# How many batteries and what type?



## GregBR549 (Dec 18, 2007)

I have a 19' cc. I am wondering how many batteriesmost of youcarry on boats my size and what type, and how to hook them up. I am planning on using a marine starting battery for the motor. I am going to run my deep cycle battery to my bait well and electronics (radio and gps/fish finder). I am planning on having a starting battery as a spare, not hooked up to anything. I usually fish within 15 miles of shore, both bottom and trolling. Is this what most of ya'll do?Do you try to recharge the deep cycle off the motor during a long day out?

Any other tips?

thanks

Greg


----------



## sosmarine (Sep 28, 2007)

Two starting batteries, connected to a battery selector switch is the easiest and cheapest way. This way you can charge both of the motor and you have a back up for starting if needed.


----------



## Telum Pisces (Sep 27, 2007)

> *sosmarine (2/9/2010)*Two starting batteries, connected to a battery selector switch is the easiest and cheapest way. This way you can charge both of the motor and you have a back up for starting if needed.


This iswhat I have set up on my boat. I have a 19' WA and regularly venture out 20+ miles from the pass. I have had to occasionally switch to the other battery. I would not venture outside of the pass without at least two batteries. No need to have a deep cycle battery unless it is solely dedicated to run the electronics or a trolling motor etc... A regular starting battery will run your typical electronics for the time needed while fishing.


----------



## miss mai (Oct 7, 2007)

+1

I agree with SOS...mine is set up the same way on my 19 Cape Horn.

But I have 3 batteries on MISS MAI. port engine & house on 2 batteries w/switch. Starboard only on OFF/ON switch


----------



## Top Shelf (Oct 8, 2007)

5 batteries on a 34 express 1 port 1 starboard 1generator 2 house they are odessey


----------



## X-Shark (Oct 3, 2007)

Install this switch and you will be a LOT happier.

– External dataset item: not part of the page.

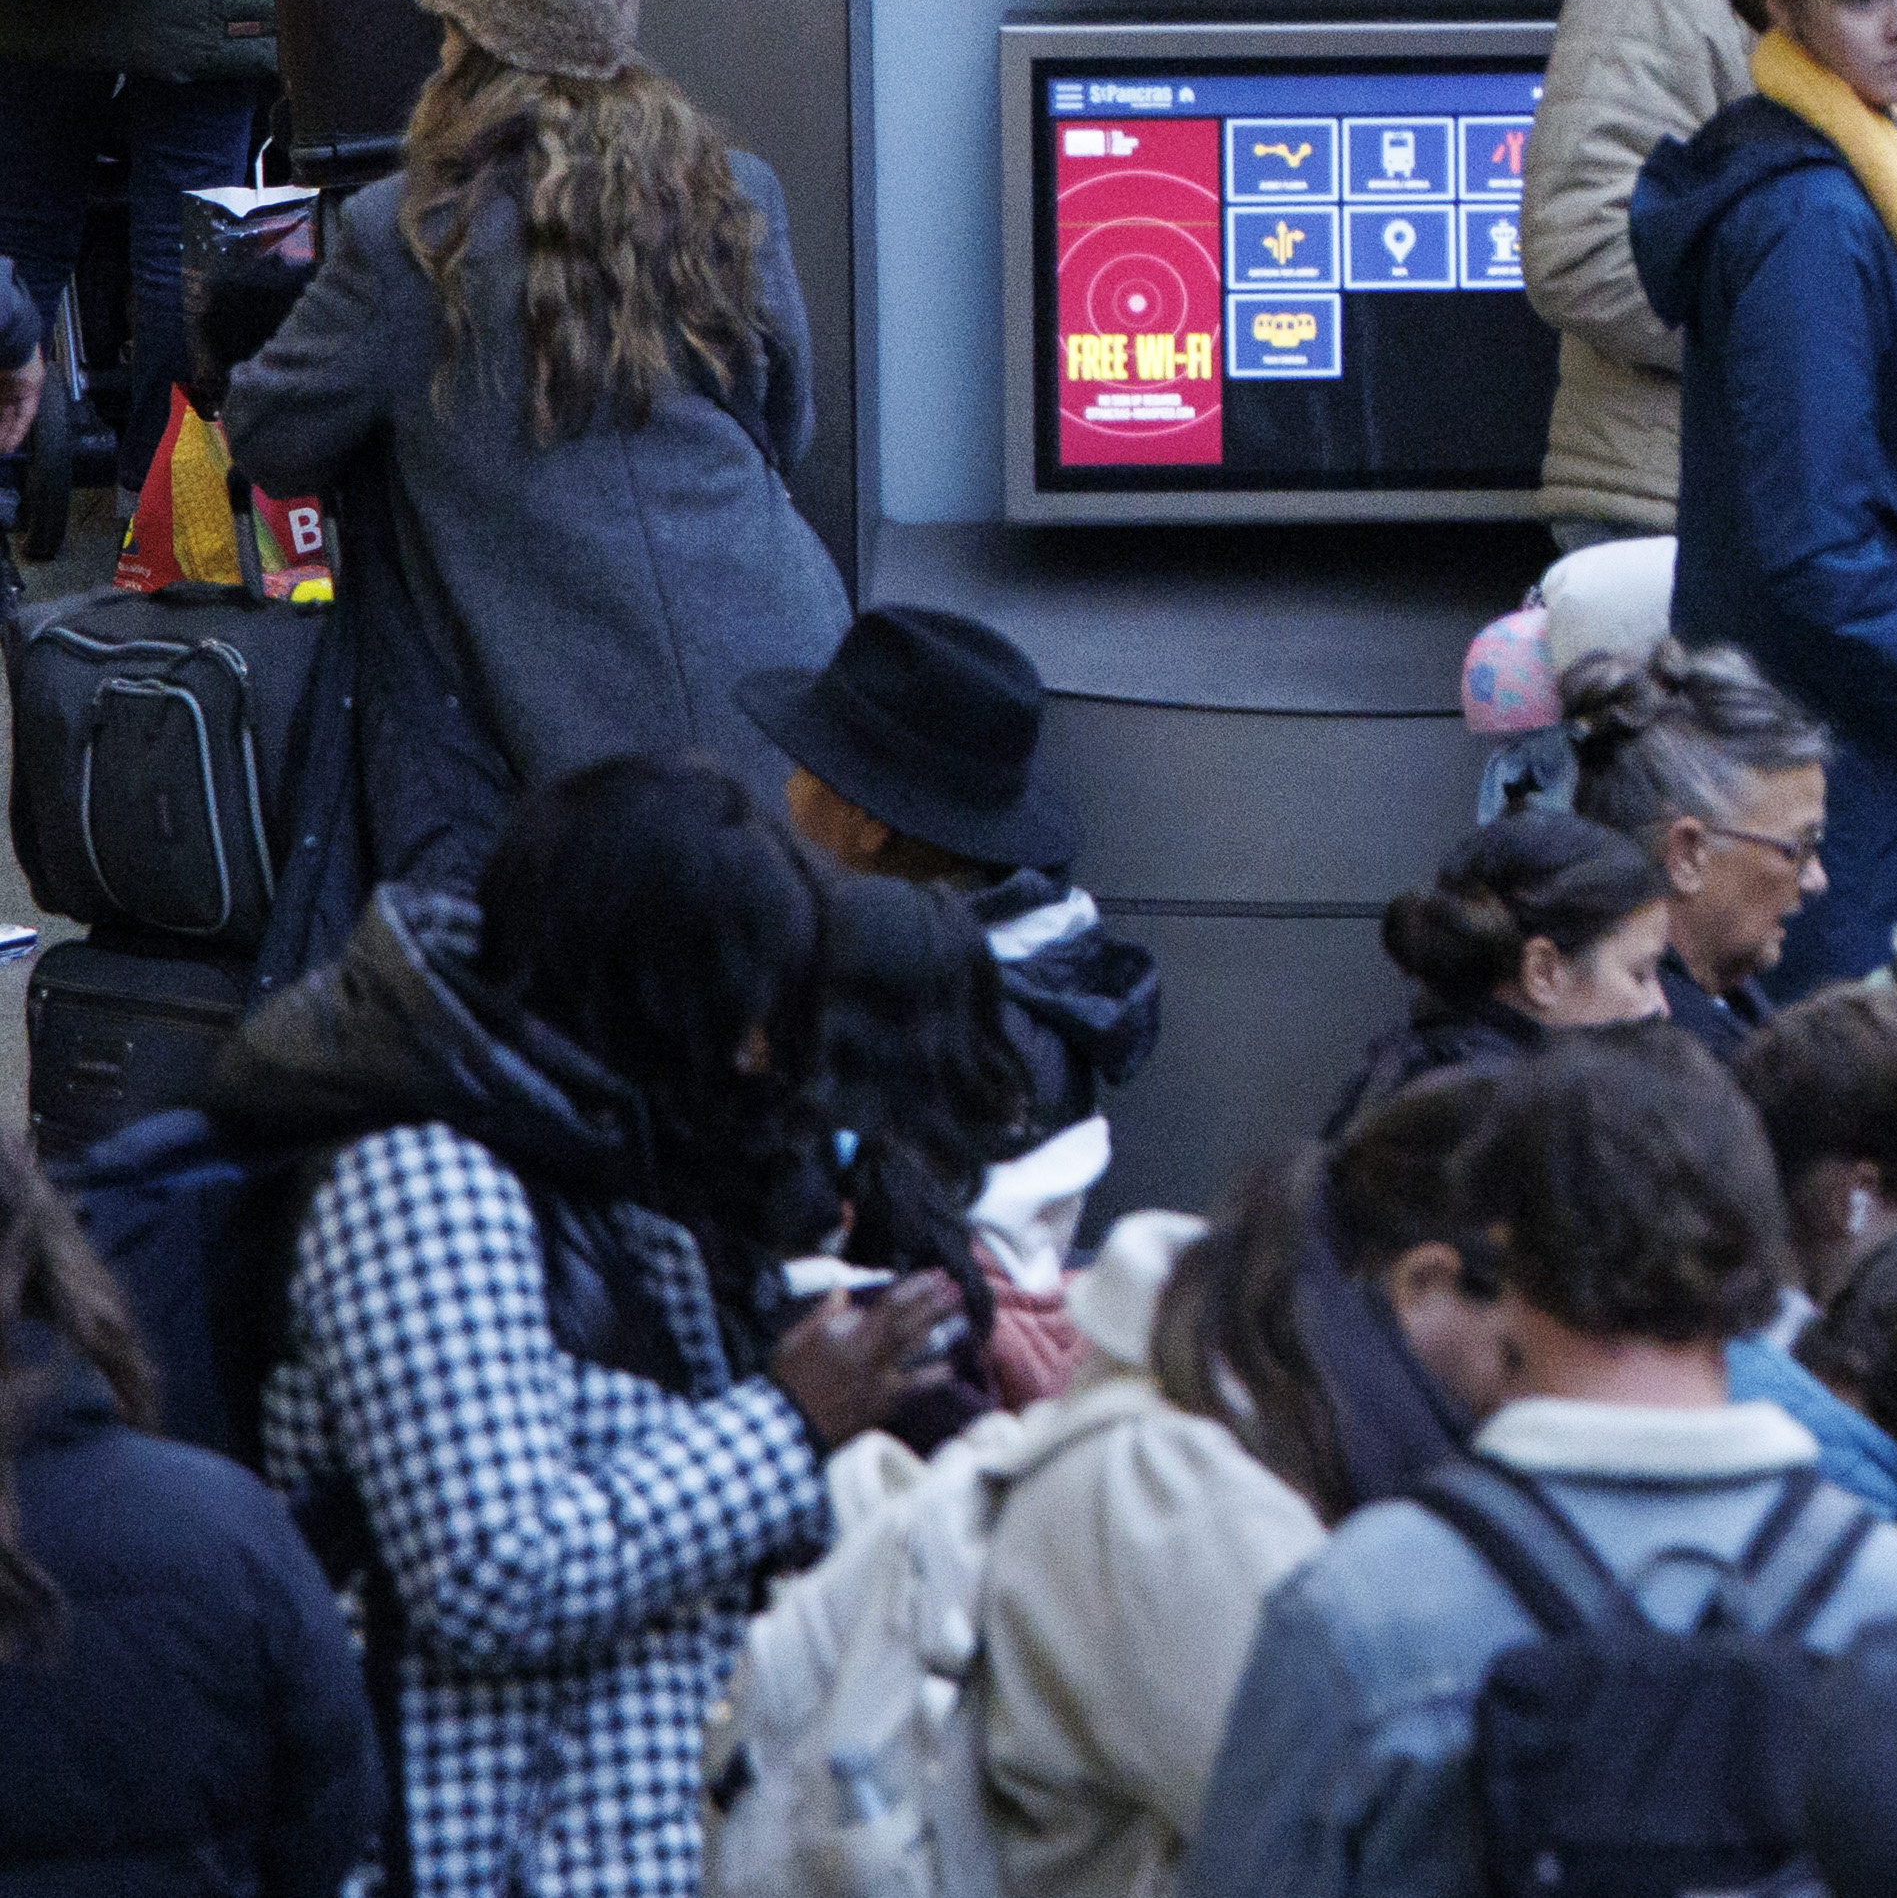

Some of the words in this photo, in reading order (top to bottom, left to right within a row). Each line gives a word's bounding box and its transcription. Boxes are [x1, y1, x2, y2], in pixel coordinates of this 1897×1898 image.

[1067, 333, 1129, 381] FREE
[1135, 332, 1212, 380] WI-FI
[288, 506, 323, 554] B

http://www.bepmarine.com/Dual-Battery-Charging-Cluster-180-1464.html


----------



## user6993 (Feb 15, 2009)

> *X-Shark (2/12/2010)*Install this switch and you will be a LOT happier.
> 
> http://www.bepmarine.com/Dual-Battery-Charging-Cluster-180-1464.html


Totaly agreee with you X-shark, Tim installed for dual starting ,seperate sytems for each engine with emerg cross over and two batt. for house. I like the way the VSR's take over when charging.


----------